You make the point that the ongoing demands and responsibilities of the
woman's role in family life serve to extend the grieving process for women
with PD.  I would suggest that for both genders the process actually takes
the form of an ongoing series of adjustments, each with its own grieving
process to be experienced.  Every PWP, whether female or male, has to come
to terms with the fact of being a PWP.  That is surely for all of us  the
single biggest adjustment we have to make.  The next biggest,  for those of
us young enough to be still employed, is being forced into early retirement.
Subsequently each loss of ability or worsening of symptoms brings its own
period of grieving.  If the PWP has successfully worked through the grief
associated with the major events, the grieving for the (comparatively) minor
events is usually less intense and consequently easier to come to terms
with.  For those stuck in the grieving process for the major events, each
new cause for grief serves to intensify their existing grief and exacerbate
their chances of bringing that particular grief process to completion.

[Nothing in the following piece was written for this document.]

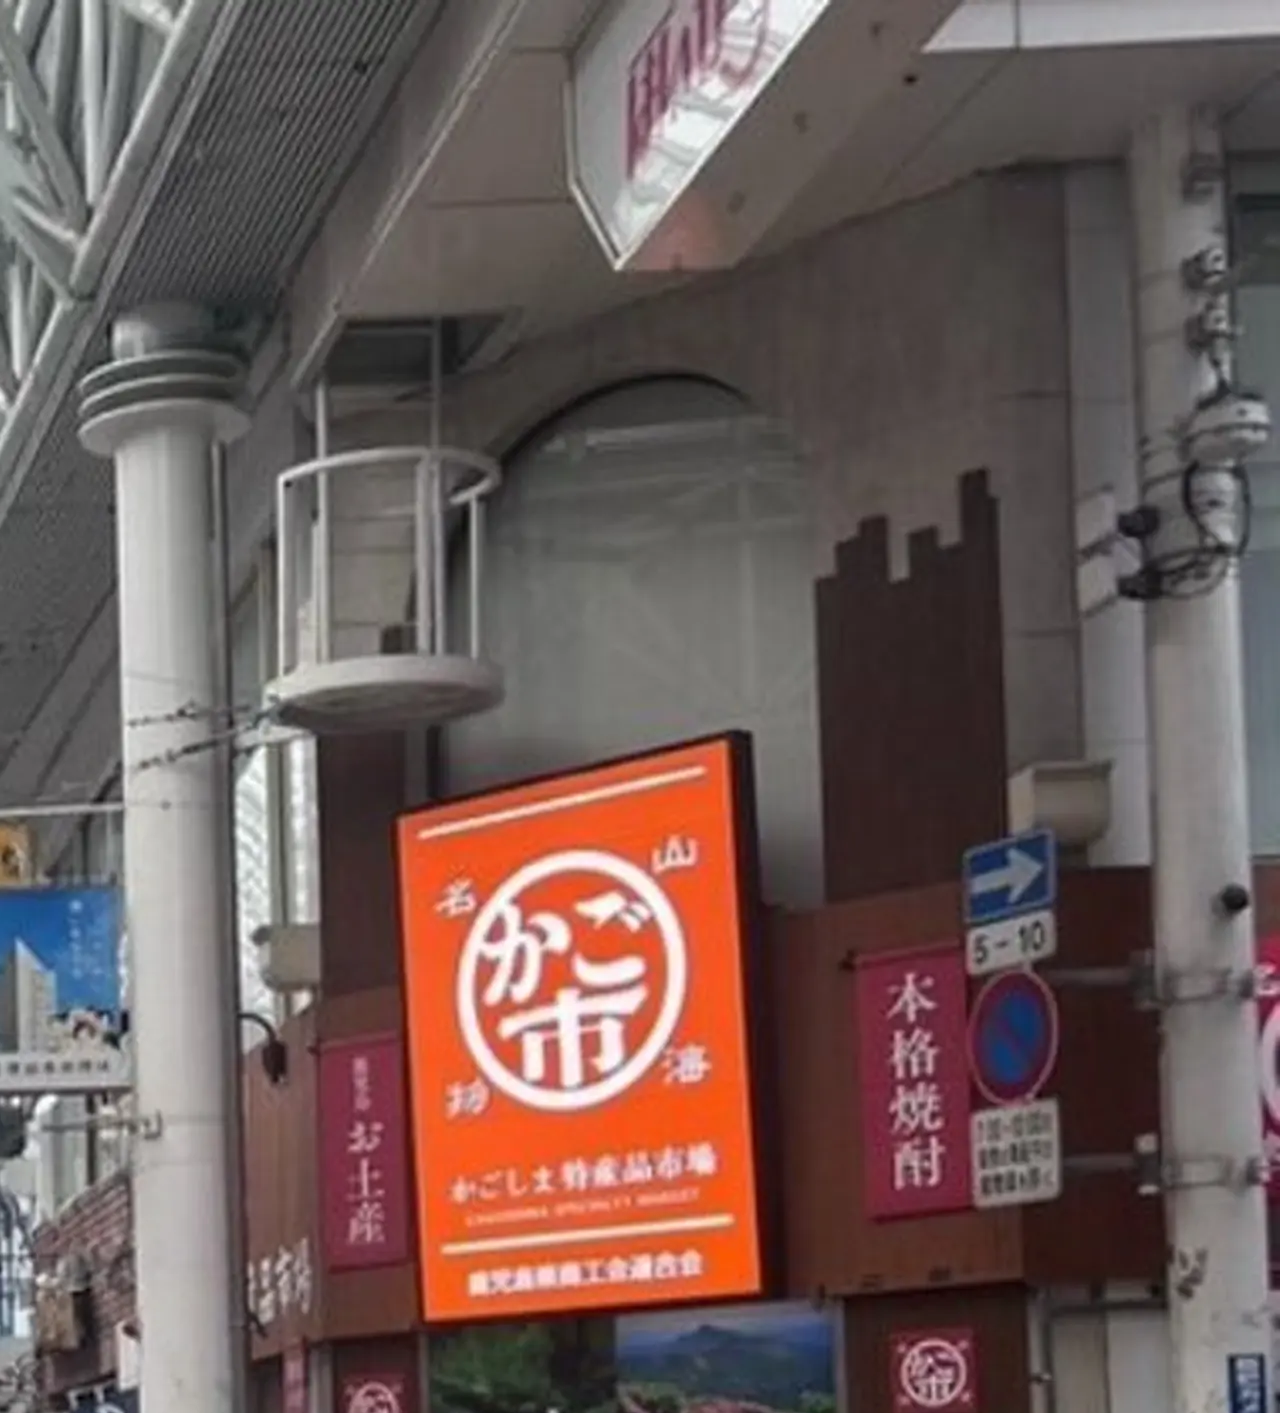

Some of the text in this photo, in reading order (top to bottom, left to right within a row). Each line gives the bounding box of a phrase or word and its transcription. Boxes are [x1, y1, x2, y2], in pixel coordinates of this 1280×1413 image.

[651, 834, 698, 873] 山
[972, 919, 1048, 966] 5-10
[886, 970, 947, 1192] 本格焼酎
[346, 1121, 387, 1244] お土産

It is indisputable that women experience new causes for grief by virtue of
their gender role, but so to do we men. The picture you draw of retired male
PWP whose biggest worry is how to fill their idle hours is almost amusing.
We men are subjected to frequent reminders of our inability to fulfil our
perceived gender role of protector and provider.  Take my own case - every
bill reminds me that we as a family have been deprived of my best financial
years, the years when I would have been consolidating our financial future -
ever time I tell my children, or hear them being told, "no we can't afford
it" I am reminded that without this disease we probably could afford it.
There is cause for grief every time my worsening symptoms rob me of the
ability to make one more contribution to our family community or reduce my
contribution to a shadow of what it should be.  There is cause for grief
when in crowded places I no longer have the physical presence to make space
for my family (and cause for pride too when they make space for me. Life is
one long mixed emotion).

All of the above concerns, and many others, are still factors in my life
but, whilst I regret each and every one of them, they are no longer the
cause of, or excuse for, grief.  If we men do in fact to come to terms with
our grief earlier then women do, (which I doubt) it is not because we have
no reasons to grieve.

Dennis.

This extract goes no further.